* _Provided data_:
== Segment start ==

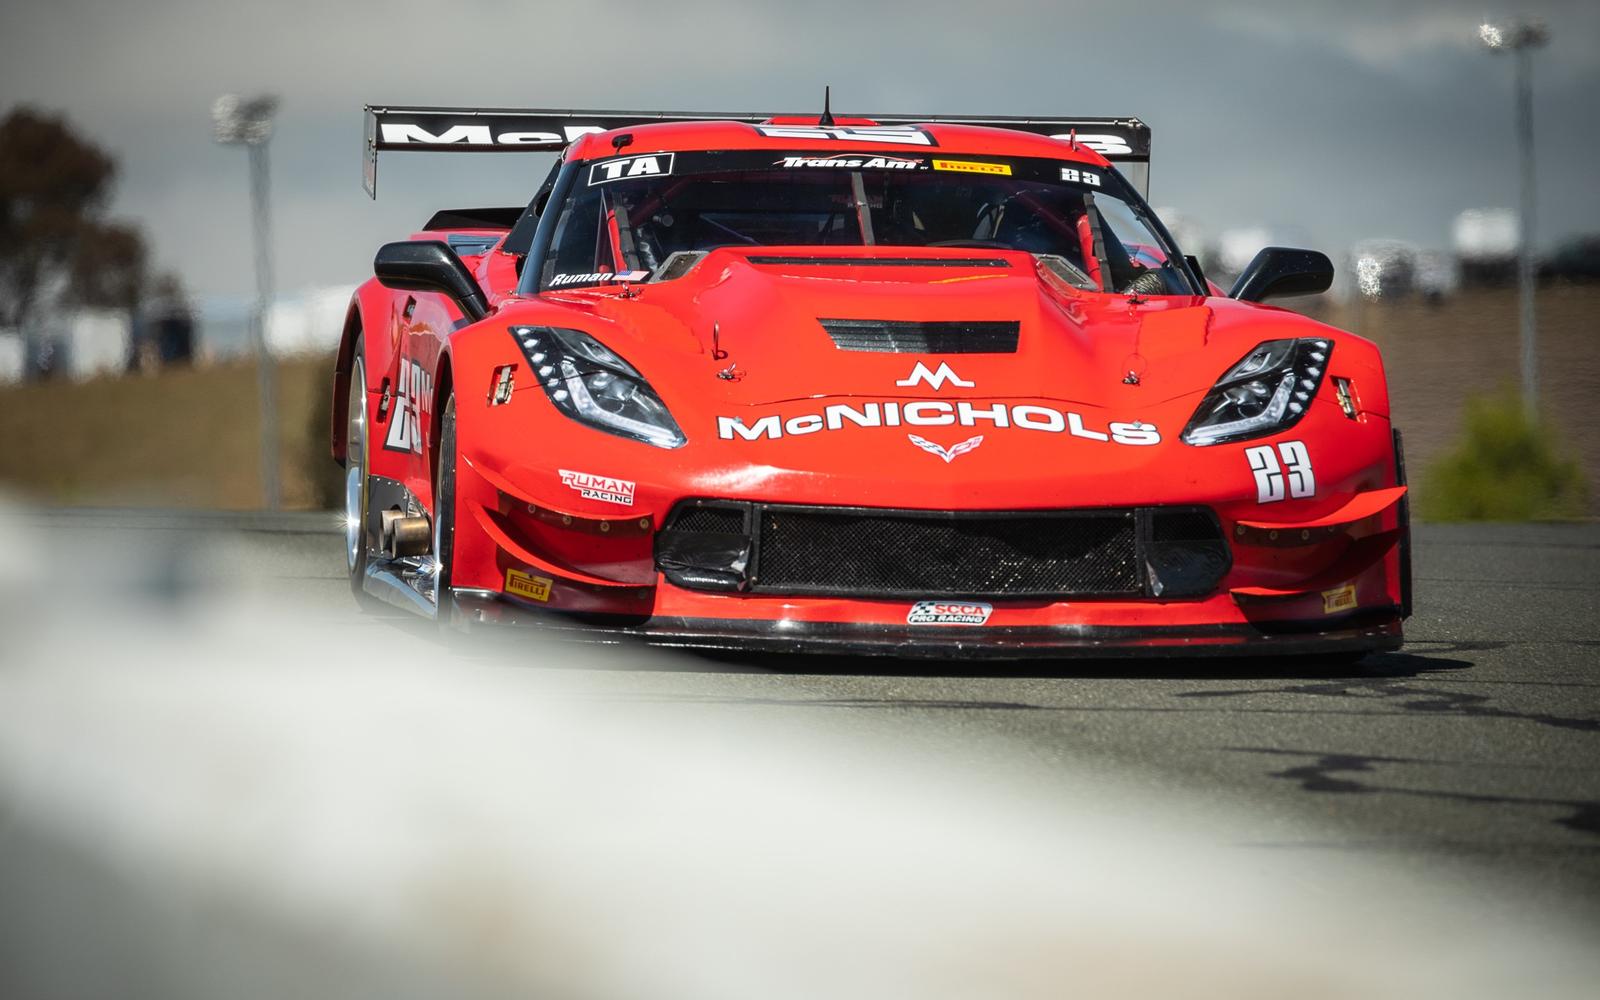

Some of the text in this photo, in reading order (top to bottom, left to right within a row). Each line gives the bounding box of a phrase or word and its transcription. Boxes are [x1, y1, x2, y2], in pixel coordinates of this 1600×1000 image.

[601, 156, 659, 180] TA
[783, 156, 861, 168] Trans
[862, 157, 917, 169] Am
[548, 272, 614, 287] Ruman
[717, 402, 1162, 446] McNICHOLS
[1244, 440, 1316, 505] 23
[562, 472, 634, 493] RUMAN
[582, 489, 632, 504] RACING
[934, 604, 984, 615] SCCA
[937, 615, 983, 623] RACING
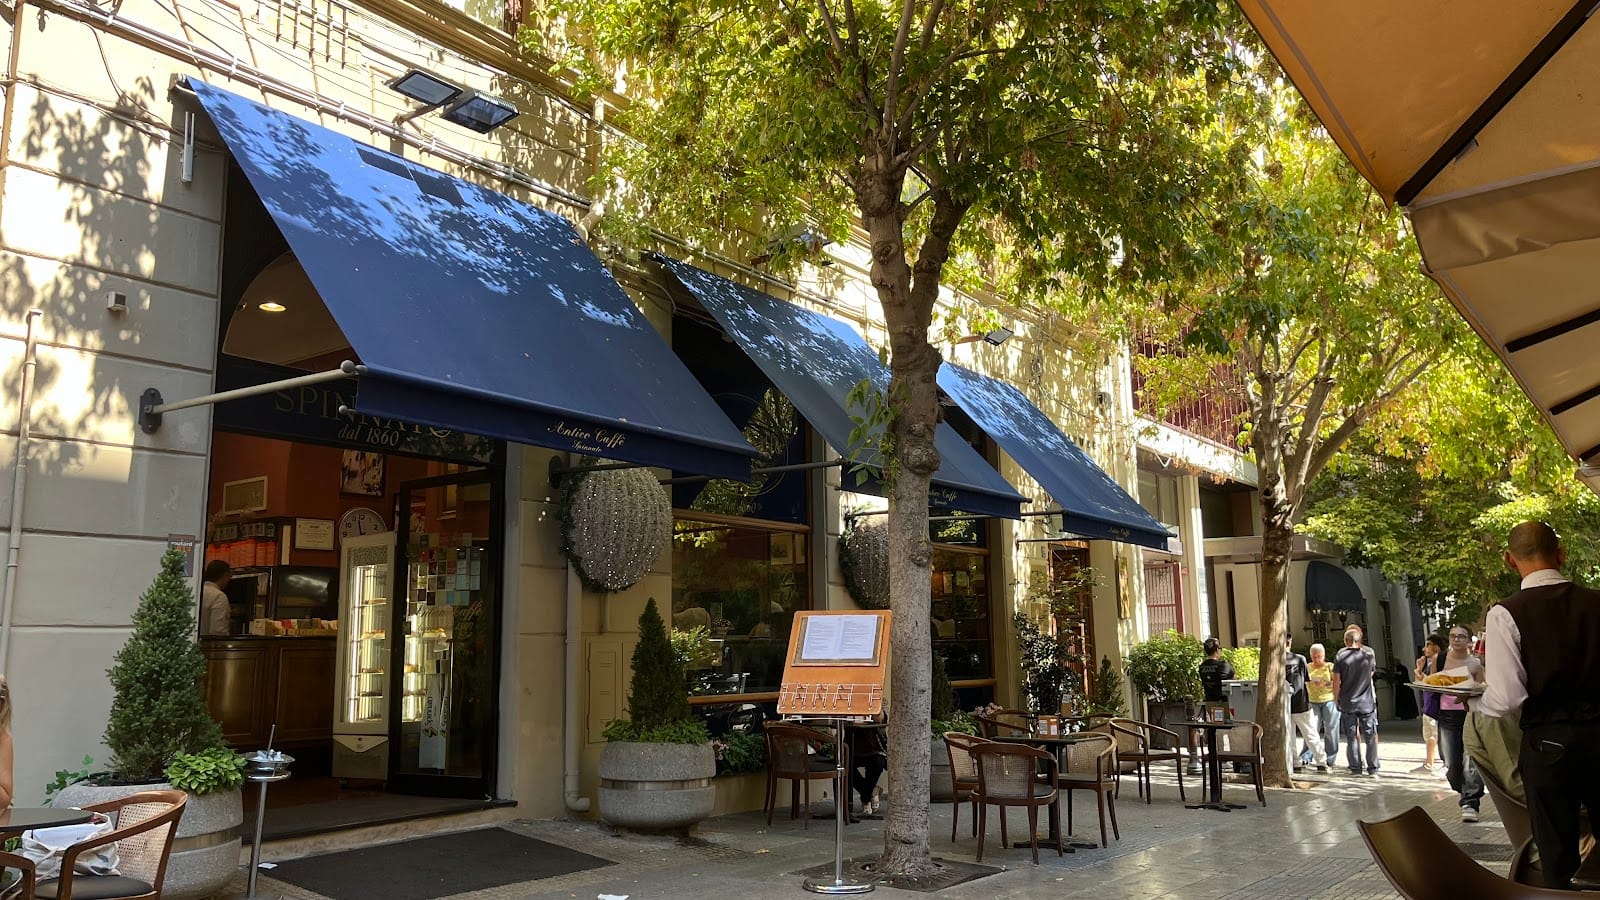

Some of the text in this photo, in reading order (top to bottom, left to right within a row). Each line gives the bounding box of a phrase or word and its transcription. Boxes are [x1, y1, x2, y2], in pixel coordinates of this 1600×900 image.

== Segment end ==
== Segment start ==

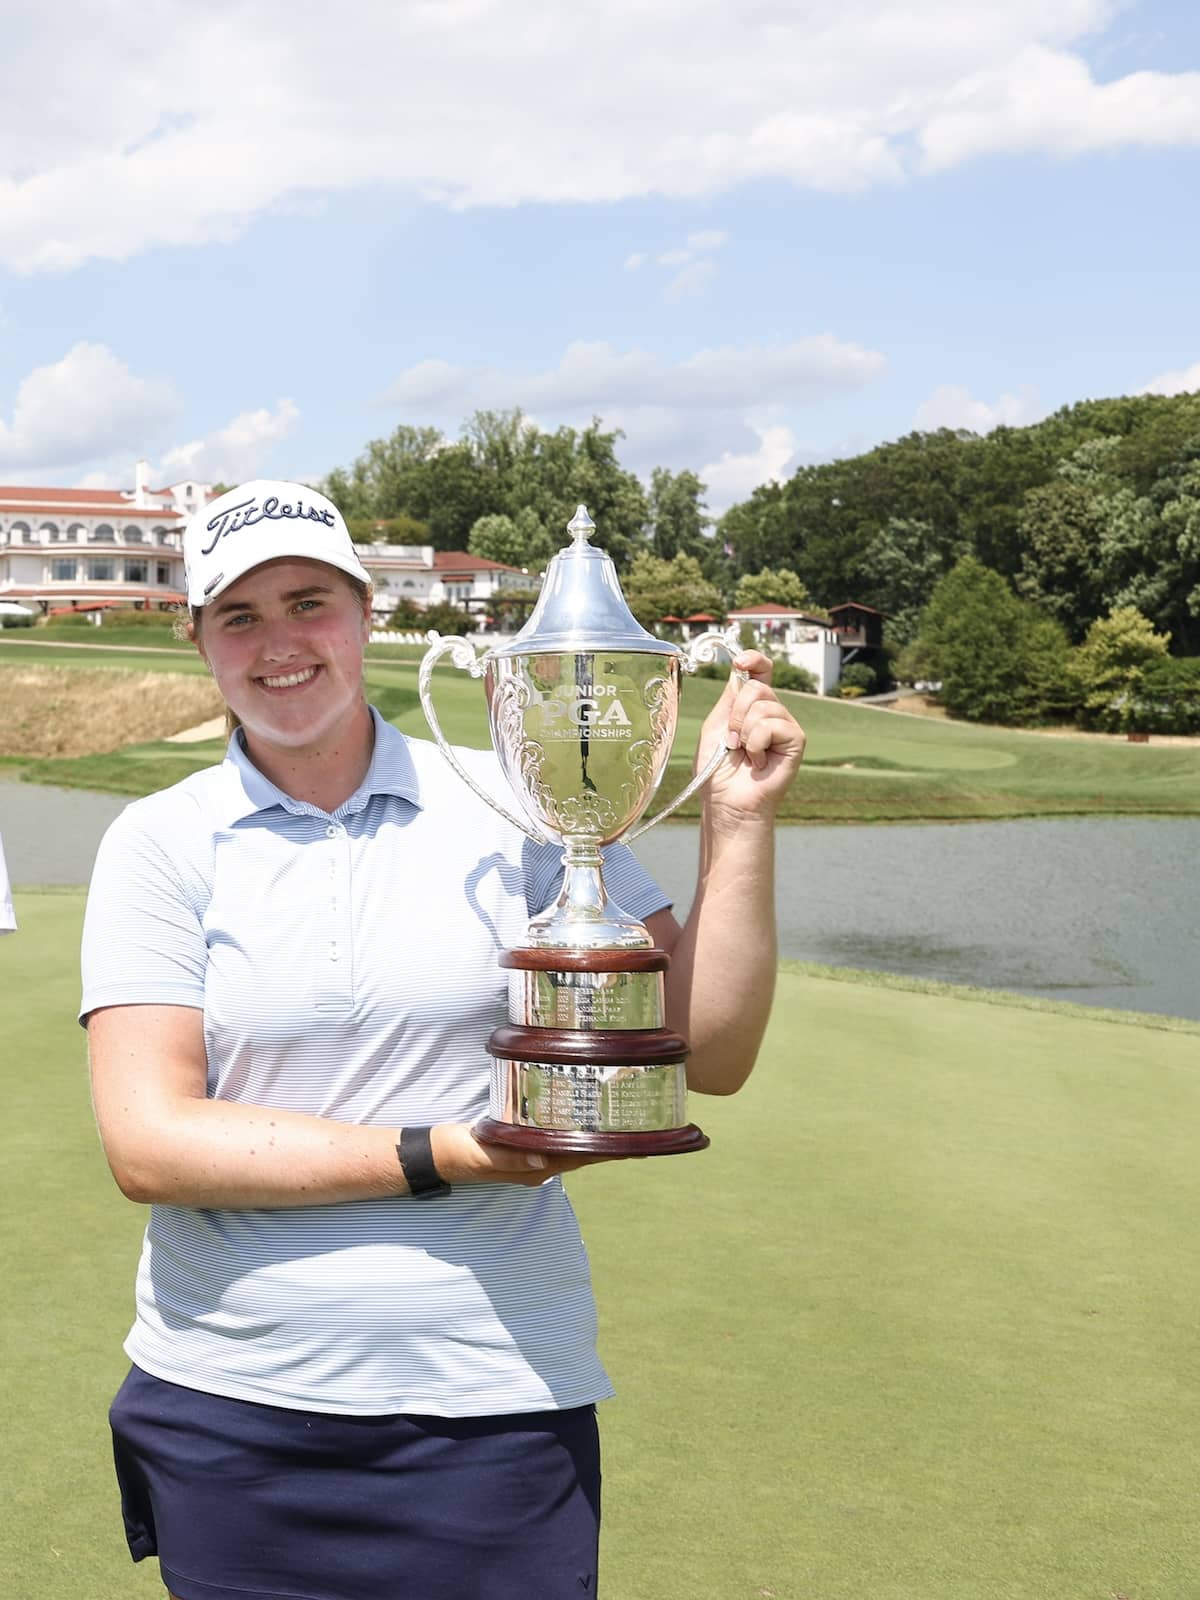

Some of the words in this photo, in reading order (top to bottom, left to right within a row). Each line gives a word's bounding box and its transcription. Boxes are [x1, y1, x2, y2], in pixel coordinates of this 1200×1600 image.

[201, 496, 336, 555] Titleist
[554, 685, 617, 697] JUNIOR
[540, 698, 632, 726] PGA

== Segment end ==
== Segment start ==

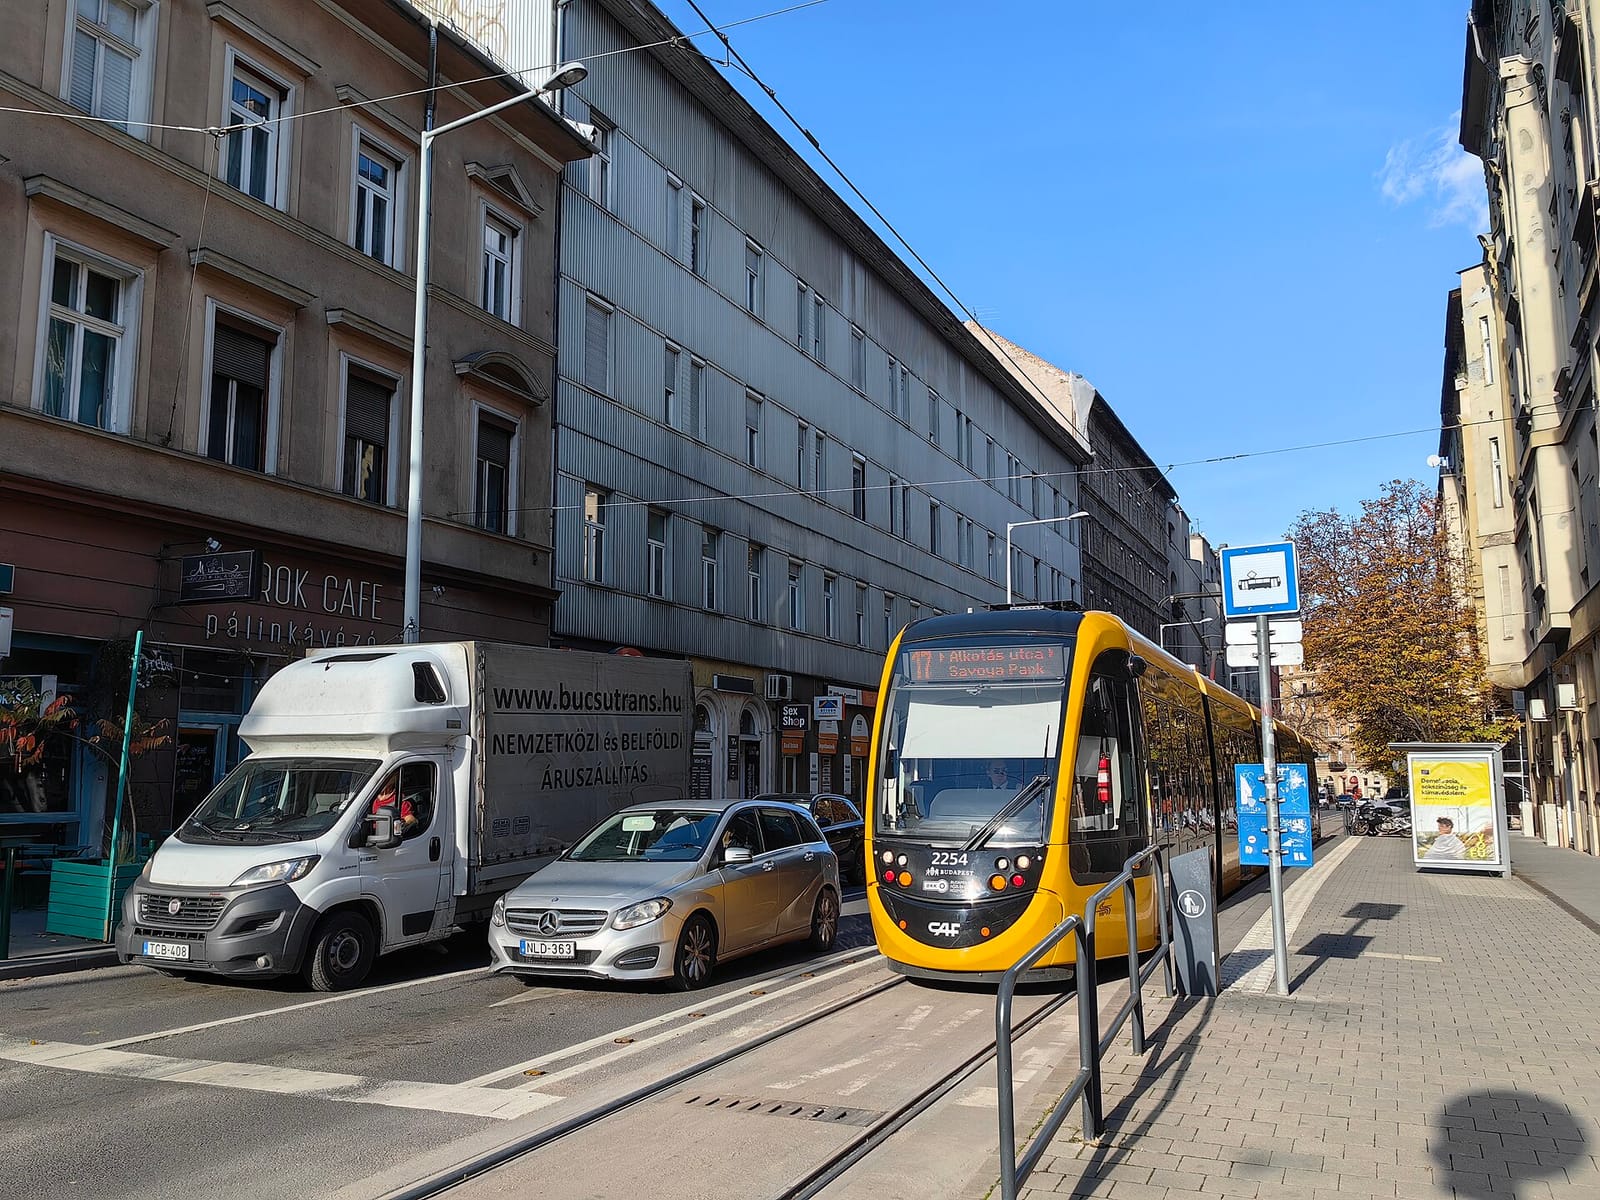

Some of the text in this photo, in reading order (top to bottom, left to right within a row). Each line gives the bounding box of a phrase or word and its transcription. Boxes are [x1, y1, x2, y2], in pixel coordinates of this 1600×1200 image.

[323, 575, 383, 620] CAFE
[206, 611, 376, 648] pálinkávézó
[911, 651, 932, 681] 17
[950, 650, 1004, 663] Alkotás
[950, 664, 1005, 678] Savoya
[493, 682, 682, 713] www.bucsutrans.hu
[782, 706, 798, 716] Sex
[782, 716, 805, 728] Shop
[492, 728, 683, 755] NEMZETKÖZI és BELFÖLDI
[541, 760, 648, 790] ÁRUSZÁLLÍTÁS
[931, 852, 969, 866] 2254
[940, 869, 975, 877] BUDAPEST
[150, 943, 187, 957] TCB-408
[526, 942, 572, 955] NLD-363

== Segment end ==

* _Work to be completed_:
Please print the lines above word for word, starting at the one with "this 1600×1000 image." and ending at the one with "this 1600×900 image.", both included, and without any picture.

* _Reply_:
Some of the text in this photo, in reading order (top to bottom, left to right within a row). Each line gives the bounding box of a phrase or word and its transcription. Boxes are [x1, y1, x2, y2], in pixel coordinates of this 1600×1000 image.

[601, 156, 659, 180] TA
[783, 156, 861, 168] Trans
[862, 157, 917, 169] Am
[548, 272, 614, 287] Ruman
[717, 402, 1162, 446] McNICHOLS
[1244, 440, 1316, 505] 23
[562, 472, 634, 493] RUMAN
[582, 489, 632, 504] RACING
[934, 604, 984, 615] SCCA
[937, 615, 983, 623] RACING

Some of the text in this photo, in reading order (top to bottom, left to right within a row). Each line gives the bounding box of a phrase or word and its transcription. Boxes are [x1, y1, x2, y2], in pixel coordinates of this 1600×900 image.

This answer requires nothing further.